Stroupe’s long list of clients at APEC includes more than 60 active NFL players, including Kansas City Chiefs quarterback Patrick Mahomes, the Super Bowl LIV champion and 2018 MVP who has worked with Stroupe since the fourth grade. APEC’S MLB clients include Tampa Bay right-hander Michael Wacha, San Francisco first baseman Brandon Belt and Rockies outfielder Sam Hilliard.

Story and Stroup first met in 2017, and Story began training at APEC in Fort Worth in 2019. The goal was to optimize Story’s natural athleticism, making him faster, quicker, stronger and more powerful, all tailored toward making Story a better baseball player.

Story trained five days a week, amounting to 12-14 hours of work.

Stroupe is not a baseball coach, so he doesn’t necessarily focus on swing mechanics or fielding. Rather, Stroupe, a registered strength and conditioning coach with the National Strength and Conditioning Association, works on teaching athletes how to move more efficiently and how to turn strength into speed and power.

Story wrapped his arms around Stroupe’s concepts, and it’s paying off.

“My confidence comes from my preparation, so it’s not something I think about during games,” Story said. “It’s something I think about in the (batting) cage or something I work on during the offseason or spring training.

“I’m trying to make everything as efficient as I can. Back home in Texas, at APEX, I practiced a lot on first-step quickness and mechanics. I don’t want any false moves there.”

That not only helps him on the basepaths but also in the infield. Story’s patented play — in which bolts to his left, scoops up a groundball near second base, does a 360-degree pirouette and fires a strike to first base — does not come by happenstance.

Story, however, committed 10 errors in 57 games at short last year and was not happy with his career-low .961 fielding percentage — a number that might have cost him a shot at his first Gold Glove. One of his goals at APEC was to fix his footwork to eliminate off-target throws.

To that end, Story huddled with Stroupe and Brandon Sherard — Story’s hitting-and-infield coach, confidant and close friend for more than a decade.

“The three of us got together and we went back and looked at some things,” Stroupe said. “We implemented some of the same things I did with Patrick (Mahomes). We worked on motion throws.

“You don’t want this fluid, explosive upper body and then have your feet look like they are disconnected. When the ball sailed on Trevor last year, what it looked like, to me, was robotic feet and a fluid upper body.”

By the time spring training arrived, Story’s arm and feet were working in concert.
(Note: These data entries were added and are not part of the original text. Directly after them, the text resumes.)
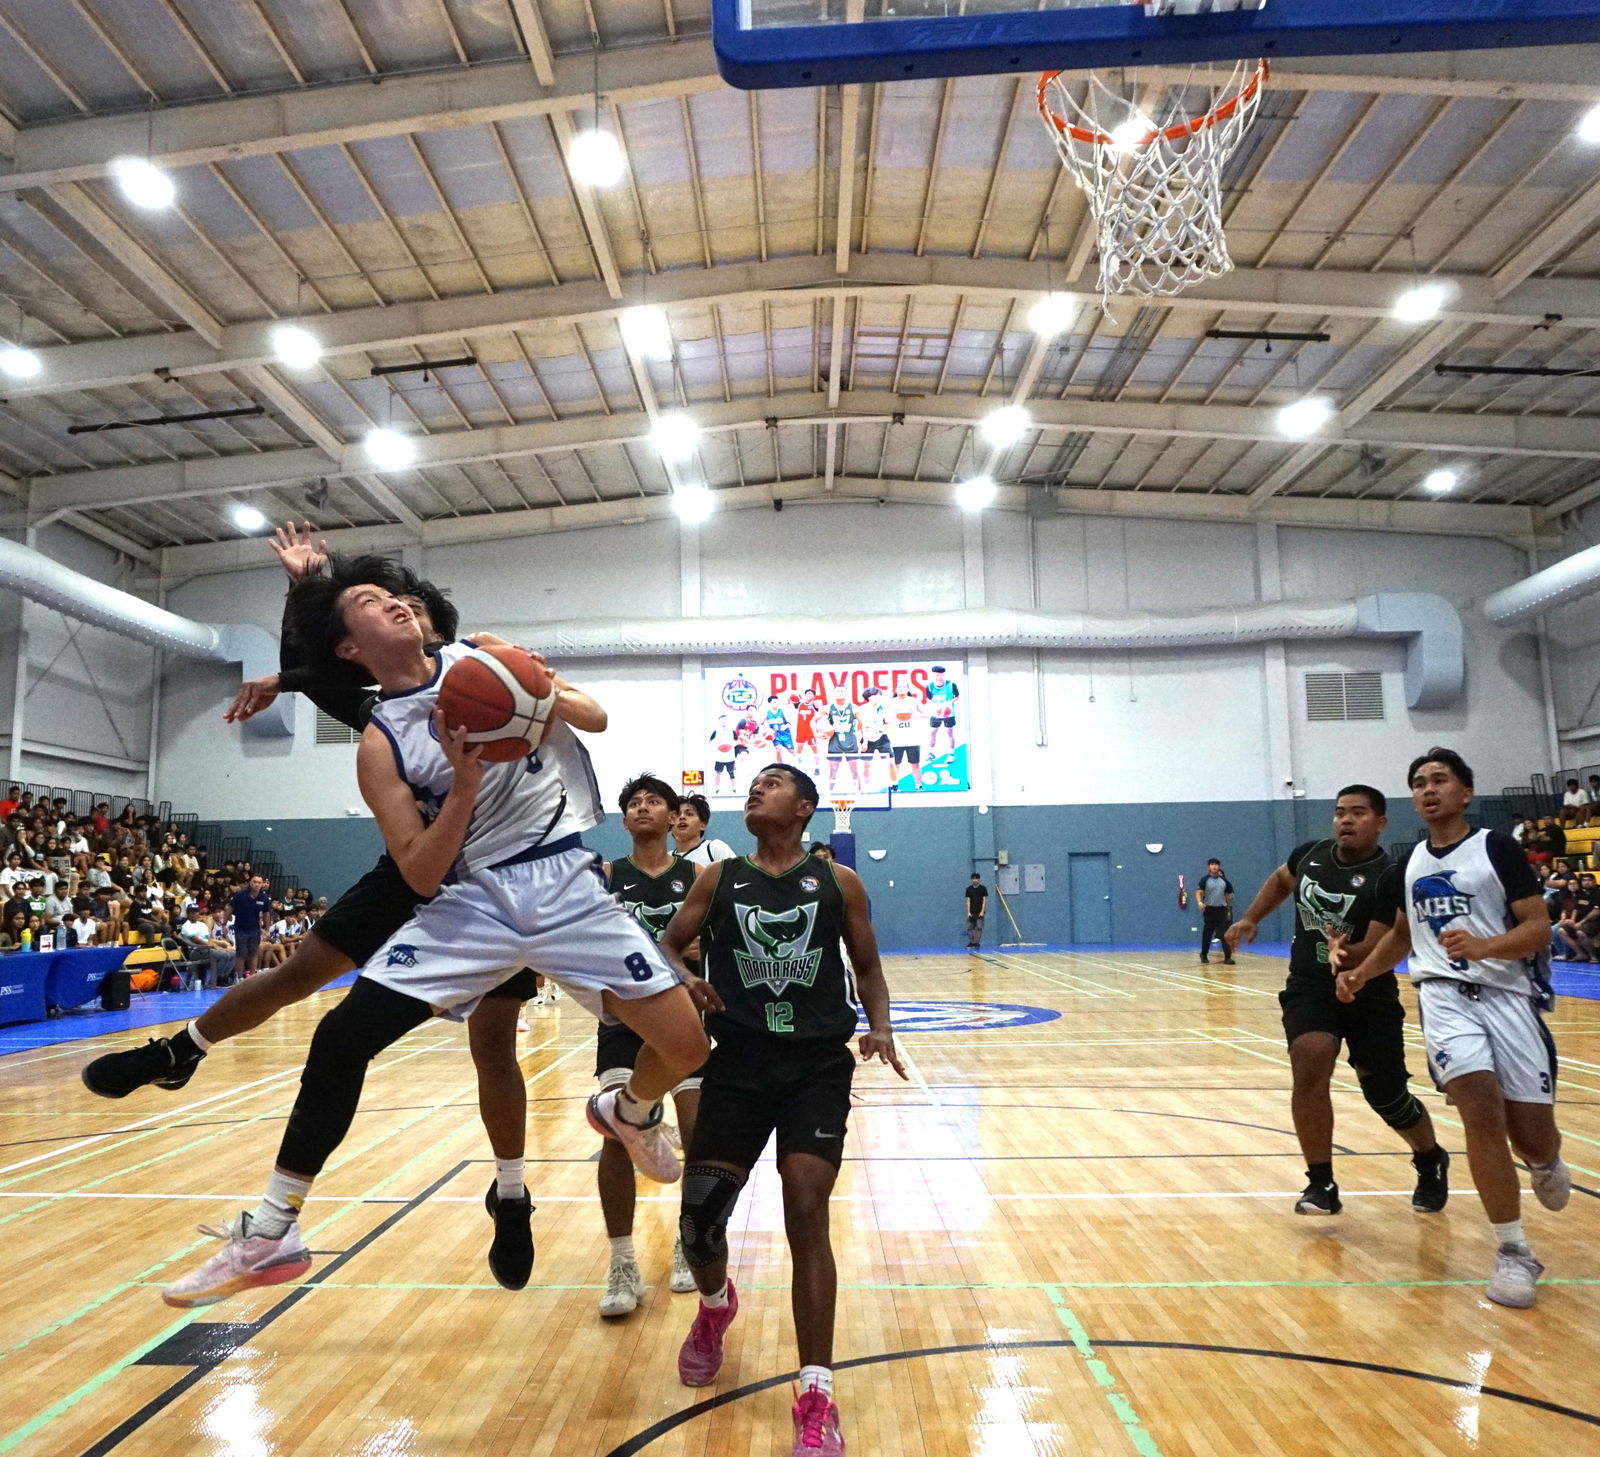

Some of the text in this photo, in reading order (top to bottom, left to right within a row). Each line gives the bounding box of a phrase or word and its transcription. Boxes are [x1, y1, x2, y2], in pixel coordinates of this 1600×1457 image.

[1414, 895, 1470, 922] MHS
[623, 951, 653, 982] 8
[740, 954, 817, 982] MANTA RAYS
[764, 1001, 795, 1033] 12
[1539, 1071, 1551, 1094] 3
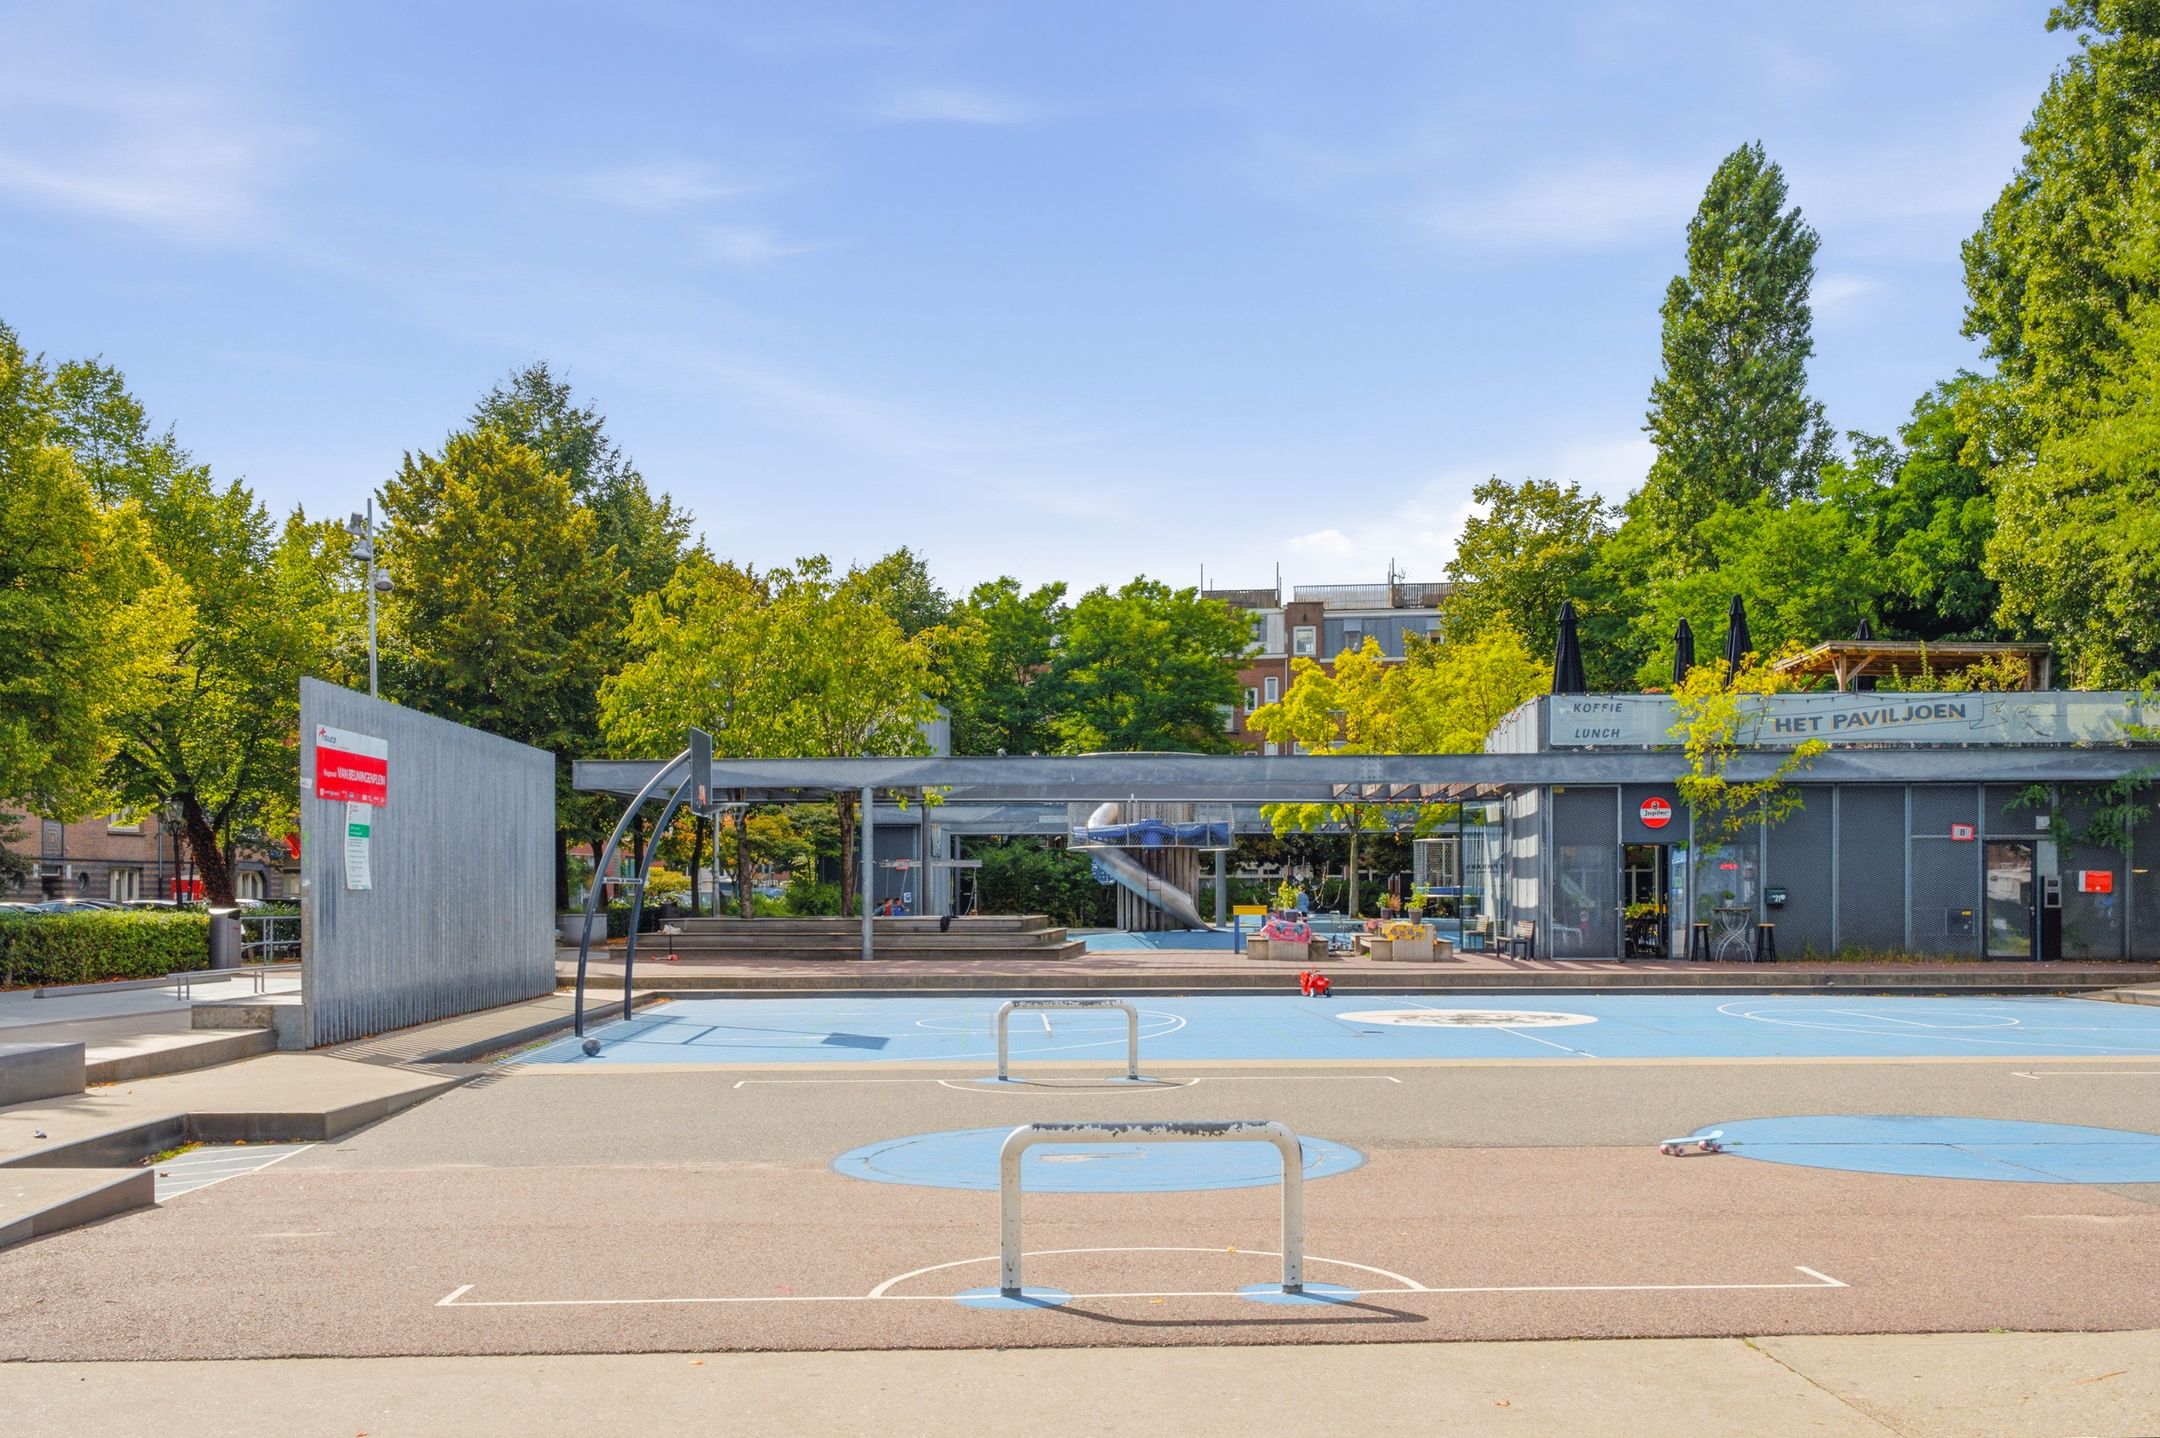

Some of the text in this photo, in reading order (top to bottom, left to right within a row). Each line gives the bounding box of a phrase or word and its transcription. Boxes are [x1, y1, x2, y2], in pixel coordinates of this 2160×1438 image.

[1573, 703, 1623, 713] KOFFIE
[1774, 703, 1967, 733] HET PAVILJOEN
[1574, 728, 1621, 739] LUNCH
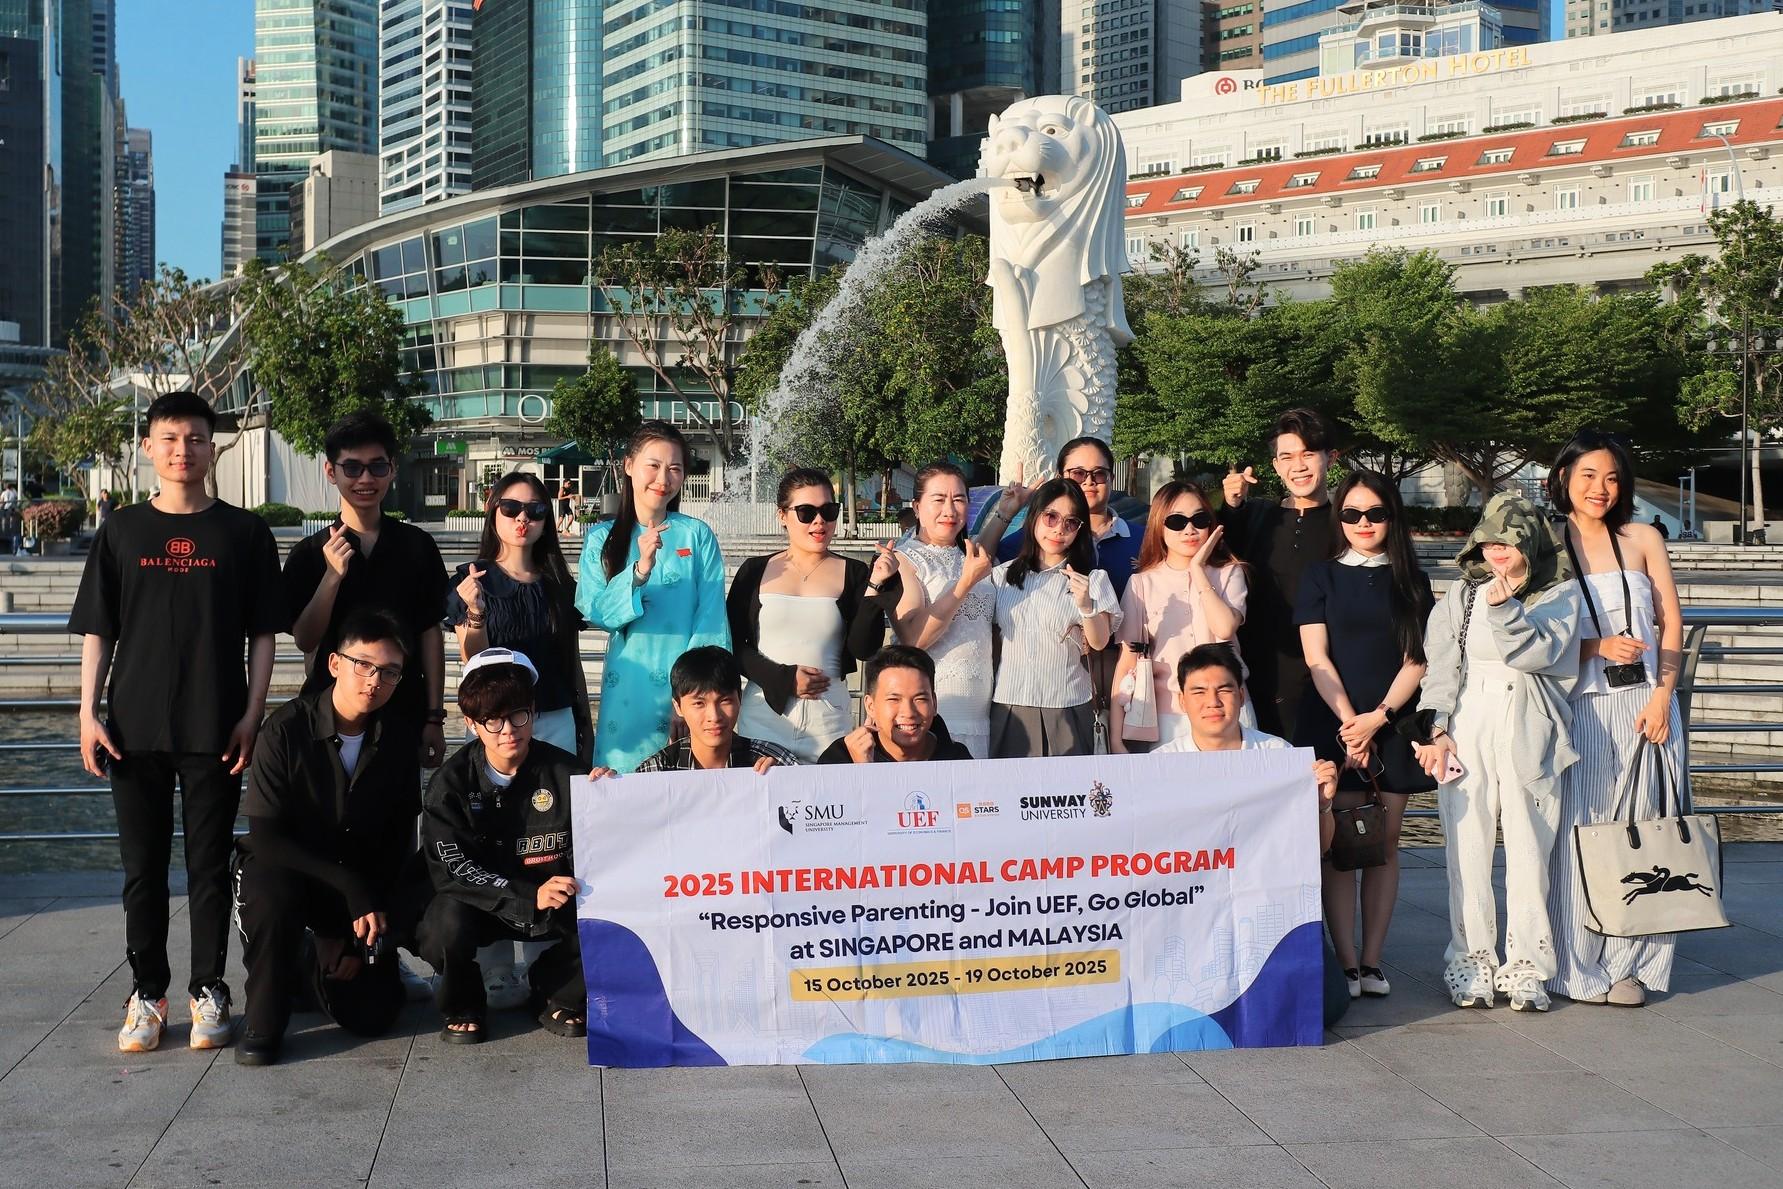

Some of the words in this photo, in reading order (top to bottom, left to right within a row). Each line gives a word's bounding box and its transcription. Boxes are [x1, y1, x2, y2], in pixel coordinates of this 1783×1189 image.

The two-time all-star shortstop is scheduled to become a free agent after this season, so he’s in line for a substantial jackpot. But he’ll also likely have to compete with Carlos Correa, Corey Seager and Javy Baez as part of a glittering class of pending free-agent shortstops.

Earlier this year, the MLB Network aired the “Top 10 Players Right Now” for each position and Story checked in at No. 1, ahead of Boston’s Xander Bogaerts, Francisco Lindor of the New York Mets and San Diego’s Fernando Tatis Jr., who signed a 14-year, $340 million contract extension this spring.

“That felt good,” Story said of his being crowned as the game’s top shortstop. “But I’ve never been motivated by anything other than myself or my own thoughts. I really try to make it about myself and how I can improve my game each year.”

For Story, that means spending his offseason taking his body to the highest level possible.